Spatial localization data
# # # #
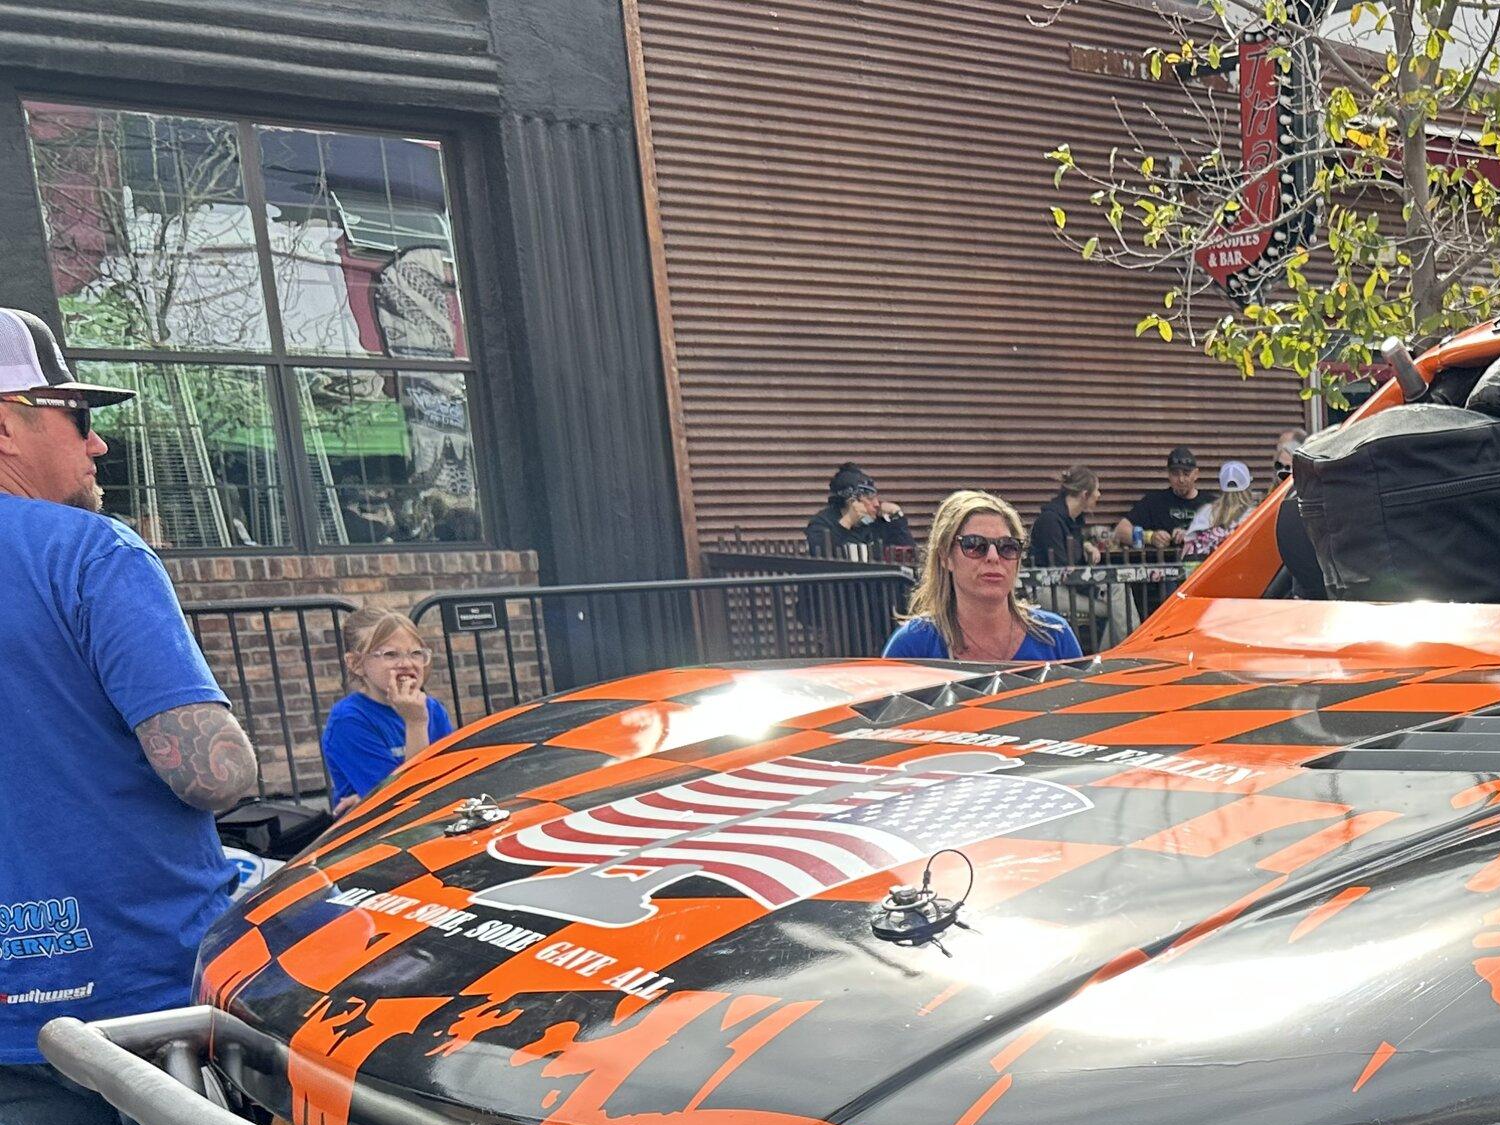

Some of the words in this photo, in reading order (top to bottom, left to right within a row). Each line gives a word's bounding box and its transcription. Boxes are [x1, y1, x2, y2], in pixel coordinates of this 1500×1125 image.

[1208, 253, 1218, 268] &
[1219, 250, 1242, 266] BAR
[1016, 738, 1109, 758] THE
[1095, 748, 1267, 785] FALLEN
[325, 887, 377, 907] ALL
[358, 892, 421, 916] GAVE
[402, 903, 478, 938] SOME,
[462, 919, 547, 953] SOME
[534, 940, 619, 978] GAVE
[601, 966, 675, 1001] ALL
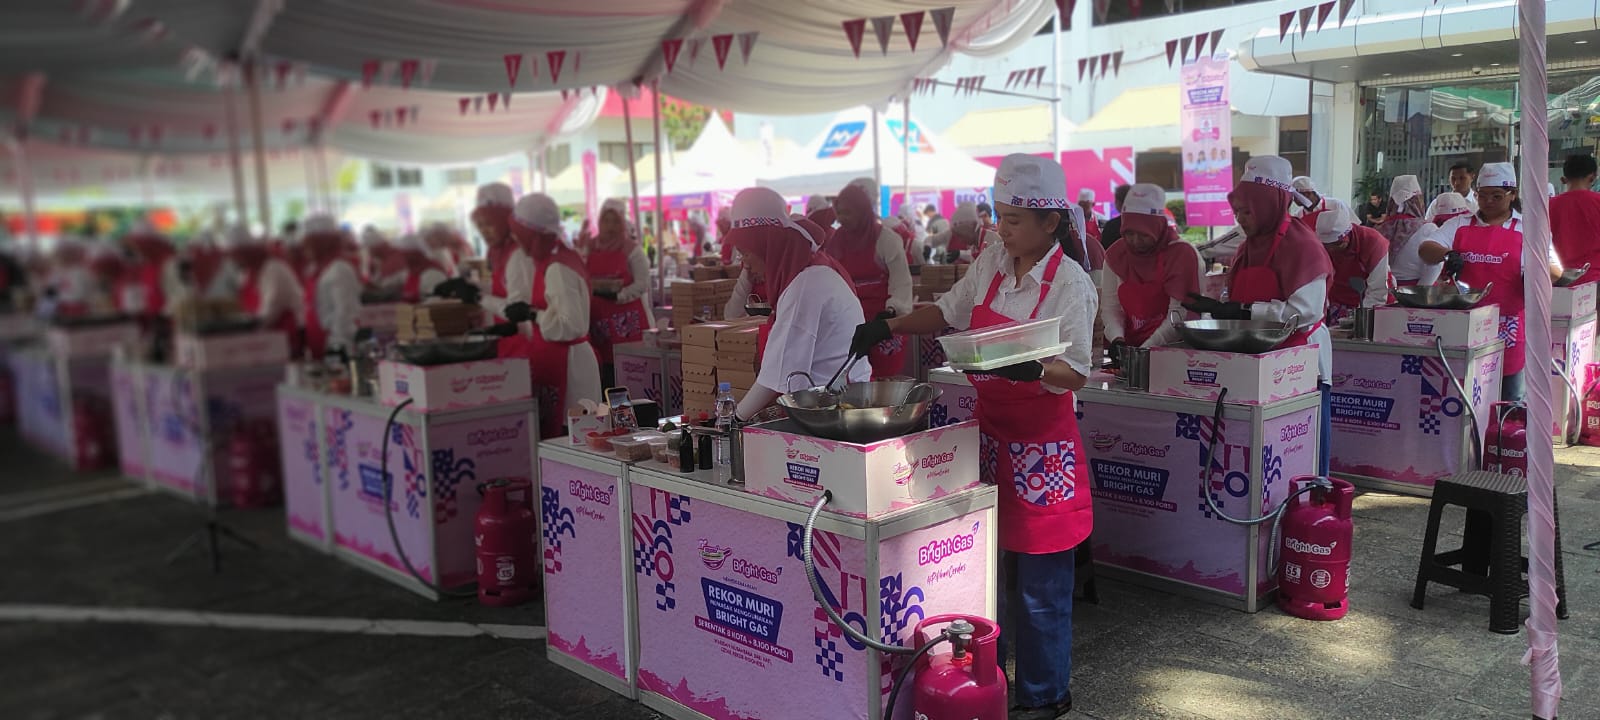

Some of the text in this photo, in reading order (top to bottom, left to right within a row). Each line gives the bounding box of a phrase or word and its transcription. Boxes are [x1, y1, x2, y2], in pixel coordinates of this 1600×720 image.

[959, 396, 977, 412] Brig
[1330, 395, 1360, 406] REKOR
[1362, 398, 1387, 408] MURI
[1335, 408, 1363, 417] BRIGHT
[1364, 411, 1381, 419] GAS
[1122, 442, 1166, 458] Bright Gas
[922, 454, 941, 469] Bright
[1097, 463, 1161, 482] REKOR MURI
[570, 480, 610, 505] Bright Gas
[1103, 480, 1154, 496] BRIGHT GAS
[918, 534, 974, 566] Bright Gas
[1285, 537, 1331, 555] Bright Gas
[733, 558, 760, 580] Bright
[760, 566, 778, 584] Gas
[708, 584, 775, 618] REKOR MURI
[715, 609, 768, 637] BRIGHT GAS
[698, 618, 726, 634] SERENTAK
[731, 632, 748, 644] KOTA
[770, 645, 789, 659] PORSI
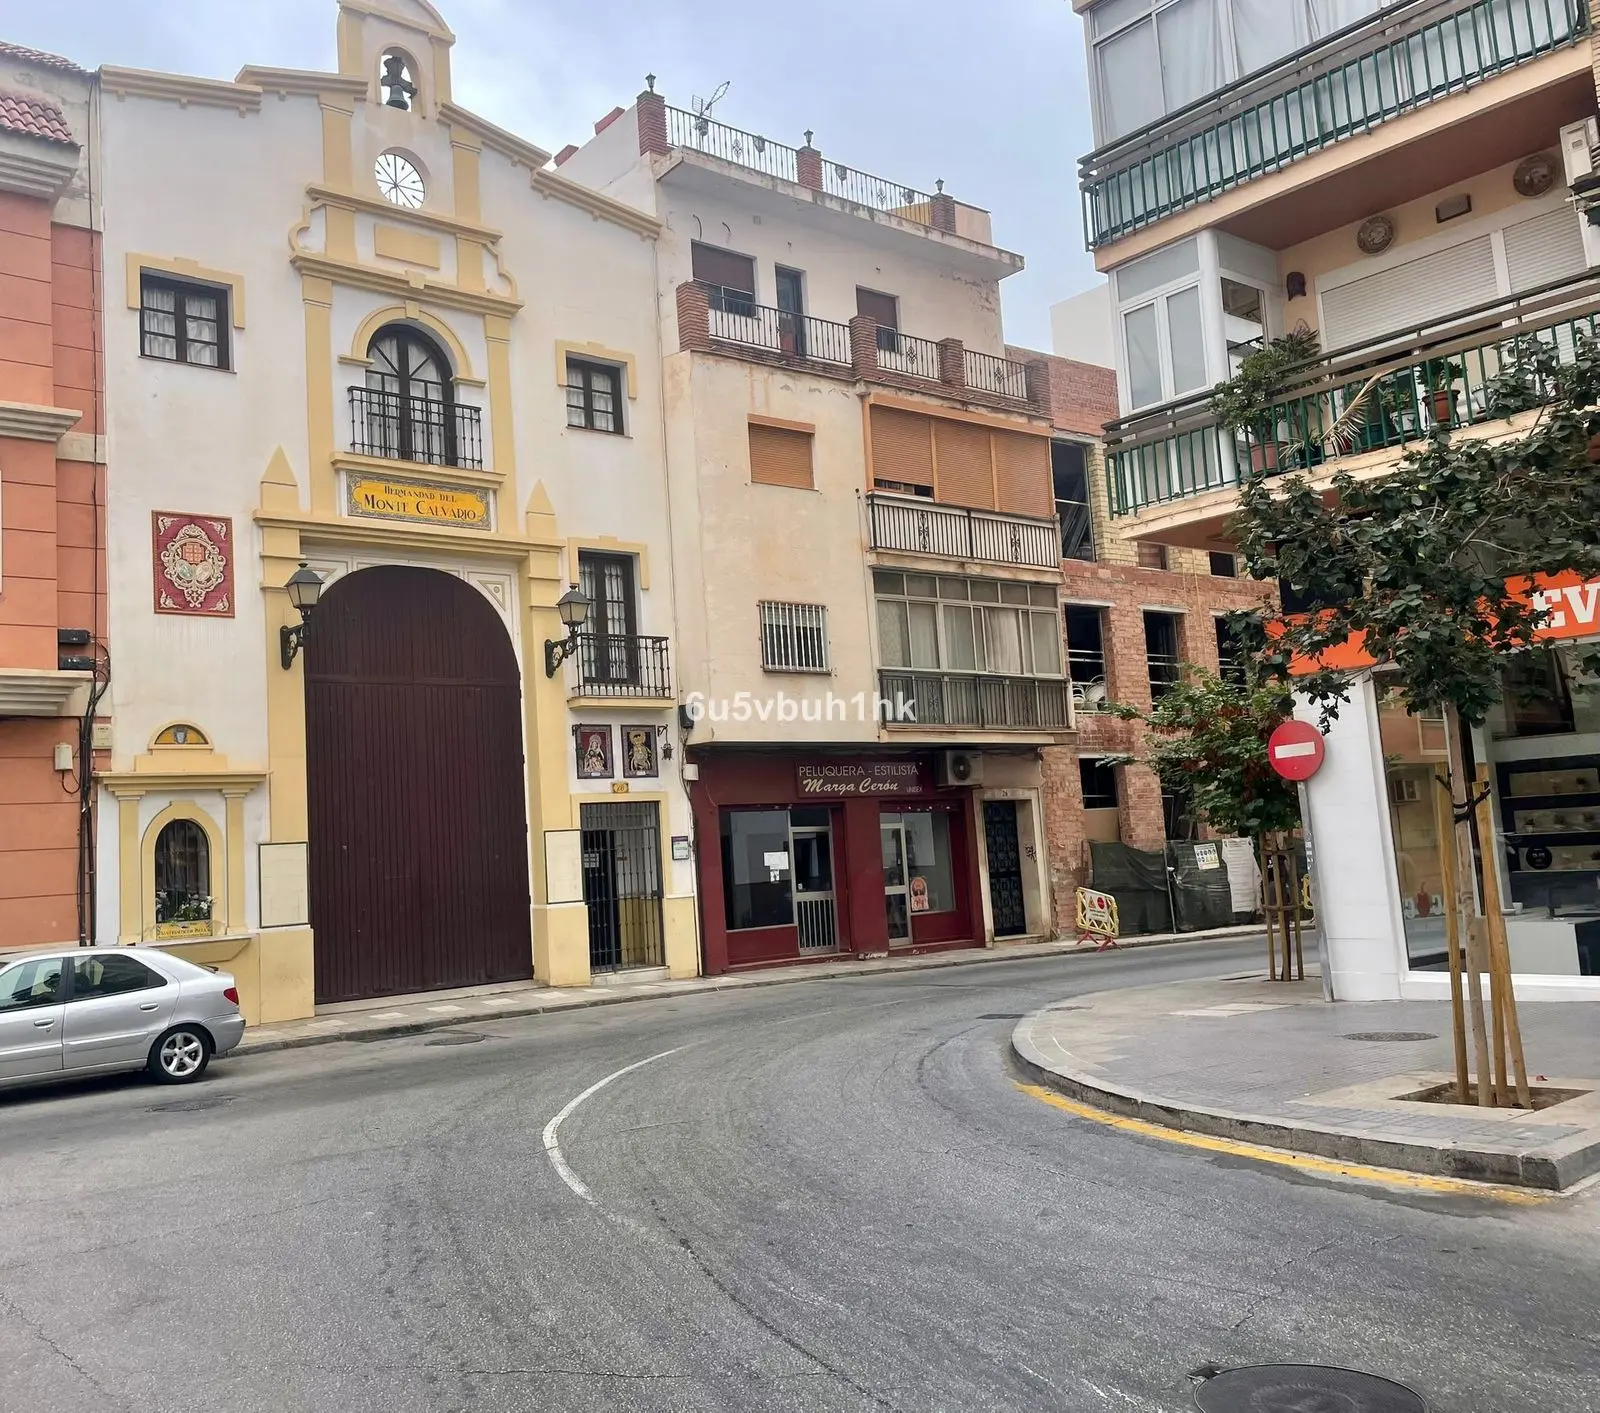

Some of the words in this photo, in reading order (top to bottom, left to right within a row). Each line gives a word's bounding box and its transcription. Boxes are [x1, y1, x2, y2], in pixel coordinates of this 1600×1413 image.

[384, 485, 435, 500] HERMANDAD
[439, 494, 457, 503] DEL
[364, 494, 409, 512] MONTE
[416, 500, 476, 520] CALVARIO
[799, 765, 866, 777] PELUQUERA
[874, 764, 919, 776] ESTILISTA
[802, 778, 856, 796] Marga
[859, 776, 899, 793] Cerón
# # # #
== EXERCISE DIRECTIONS ==
Every entry, exactly as written: transcribe it, passing over any pictures.

== RESULT BELOW ==
Some of the words in this photo, in reading order (top to bottom, left to right within a row). Each line gives a word's bounding box and its transcription. Boxes are [x1, y1, x2, y2], in pixel coordinates of this 1500×1125 image.

[1208, 253, 1218, 268] &
[1219, 250, 1242, 266] BAR
[1016, 738, 1109, 758] THE
[1095, 748, 1267, 785] FALLEN
[325, 887, 377, 907] ALL
[358, 892, 421, 916] GAVE
[402, 903, 478, 938] SOME,
[462, 919, 547, 953] SOME
[534, 940, 619, 978] GAVE
[601, 966, 675, 1001] ALL

Some of the text in this photo, in reading order (top to bottom, left to right within a row). Each line gives the bounding box of a phrase or word and its transcription. Boxes are [x1, y1, x2, y2], in pixel coordinates of this 1600×720 image.

[959, 396, 977, 412] Brig
[1330, 395, 1360, 406] REKOR
[1362, 398, 1387, 408] MURI
[1335, 408, 1363, 417] BRIGHT
[1364, 411, 1381, 419] GAS
[1122, 442, 1166, 458] Bright Gas
[922, 454, 941, 469] Bright
[1097, 463, 1161, 482] REKOR MURI
[570, 480, 610, 505] Bright Gas
[1103, 480, 1154, 496] BRIGHT GAS
[918, 534, 974, 566] Bright Gas
[1285, 537, 1331, 555] Bright Gas
[733, 558, 760, 580] Bright
[760, 566, 778, 584] Gas
[708, 584, 775, 618] REKOR MURI
[715, 609, 768, 637] BRIGHT GAS
[698, 618, 726, 634] SERENTAK
[731, 632, 748, 644] KOTA
[770, 645, 789, 659] PORSI

Some of the words in this photo, in reading order (top to bottom, left to right within a row). Each line gives a word's bounding box and its transcription. Boxes are [x1, y1, x2, y2], in pixel coordinates of this 1600×1413 image.

[384, 485, 435, 500] HERMANDAD
[439, 494, 457, 503] DEL
[364, 494, 409, 512] MONTE
[416, 500, 476, 520] CALVARIO
[799, 765, 866, 777] PELUQUERA
[874, 764, 919, 776] ESTILISTA
[802, 778, 856, 796] Marga
[859, 776, 899, 793] Cerón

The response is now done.